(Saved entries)

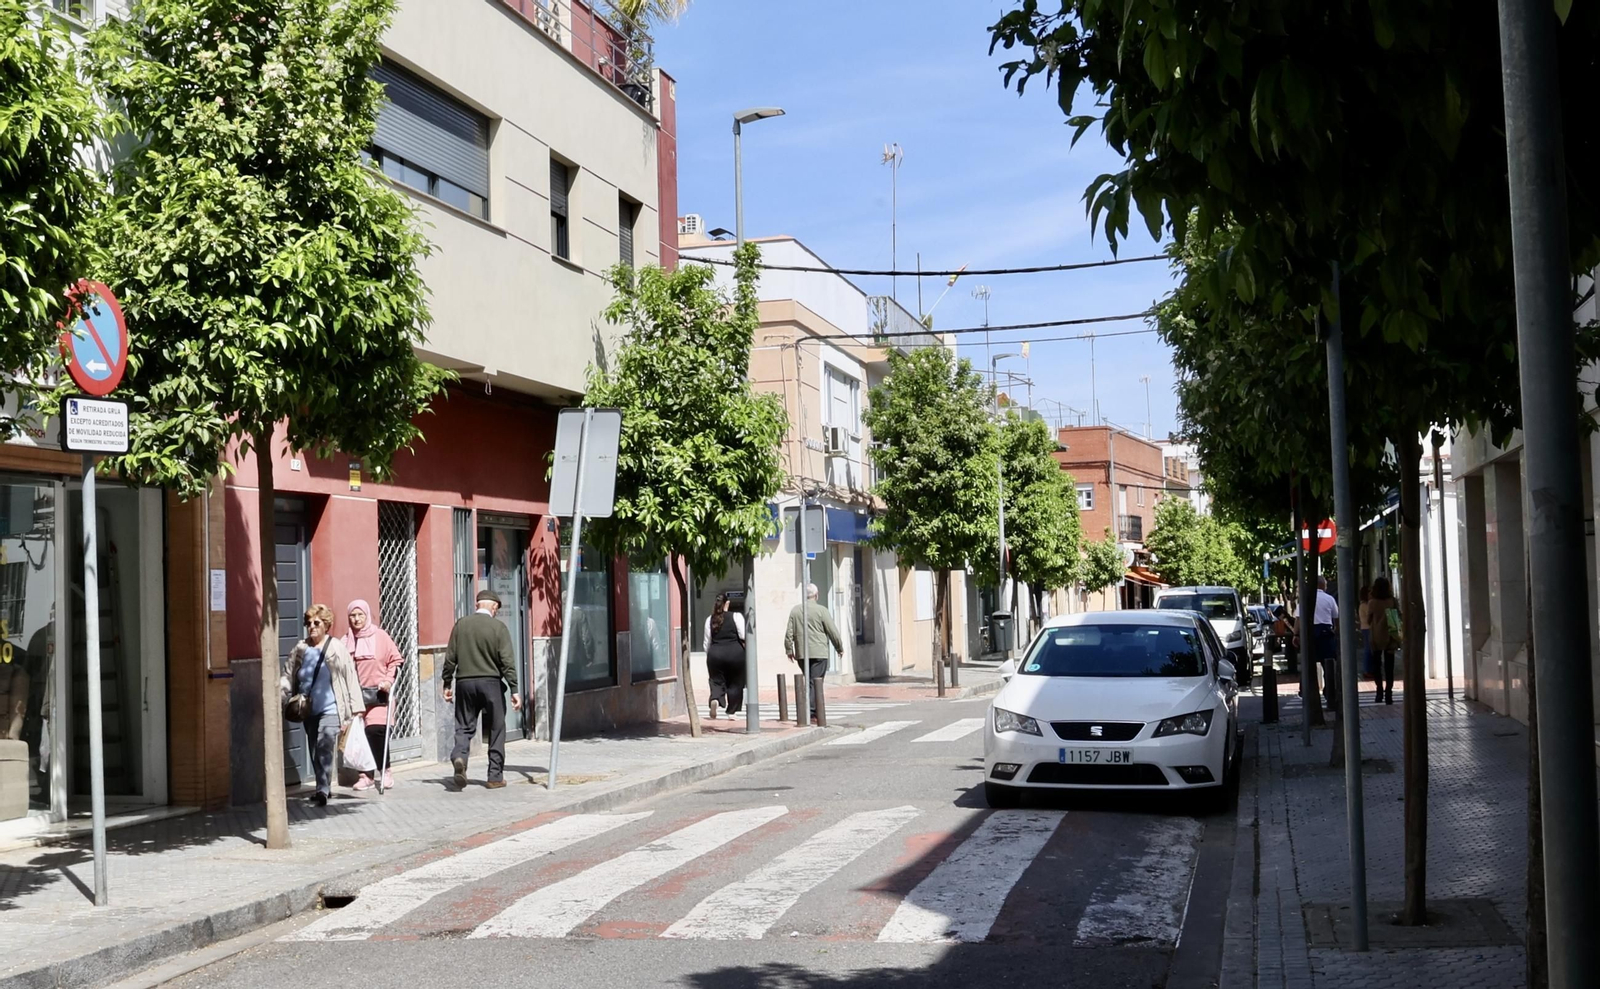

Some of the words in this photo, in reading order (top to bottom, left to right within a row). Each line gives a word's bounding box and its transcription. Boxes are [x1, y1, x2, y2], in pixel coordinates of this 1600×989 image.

[83, 405, 107, 414] RETIRADA
[70, 418, 92, 426] EXCEPTO
[93, 419, 124, 428] ACREDITADOS
[69, 427, 75, 435] DE
[76, 428, 103, 437] MOVILIDAD
[103, 430, 127, 438] REDUCIDA
[1070, 750, 1100, 763] 1157
[1105, 750, 1131, 763] JBW

What is needed
Only the records, copied exactly and without pictures, should make up the answer.

Answer to this problem
Some of the words in this photo, in reading order (top to bottom, left to right within a row). Each line gives a word's bounding box and its transcription. Boxes are [x1, y1, x2, y2], in pixel coordinates of this 1600×989 image.

[83, 405, 107, 414] RETIRADA
[70, 418, 92, 426] EXCEPTO
[93, 419, 124, 428] ACREDITADOS
[69, 427, 75, 435] DE
[76, 428, 103, 437] MOVILIDAD
[103, 430, 127, 438] REDUCIDA
[1070, 750, 1100, 763] 1157
[1105, 750, 1131, 763] JBW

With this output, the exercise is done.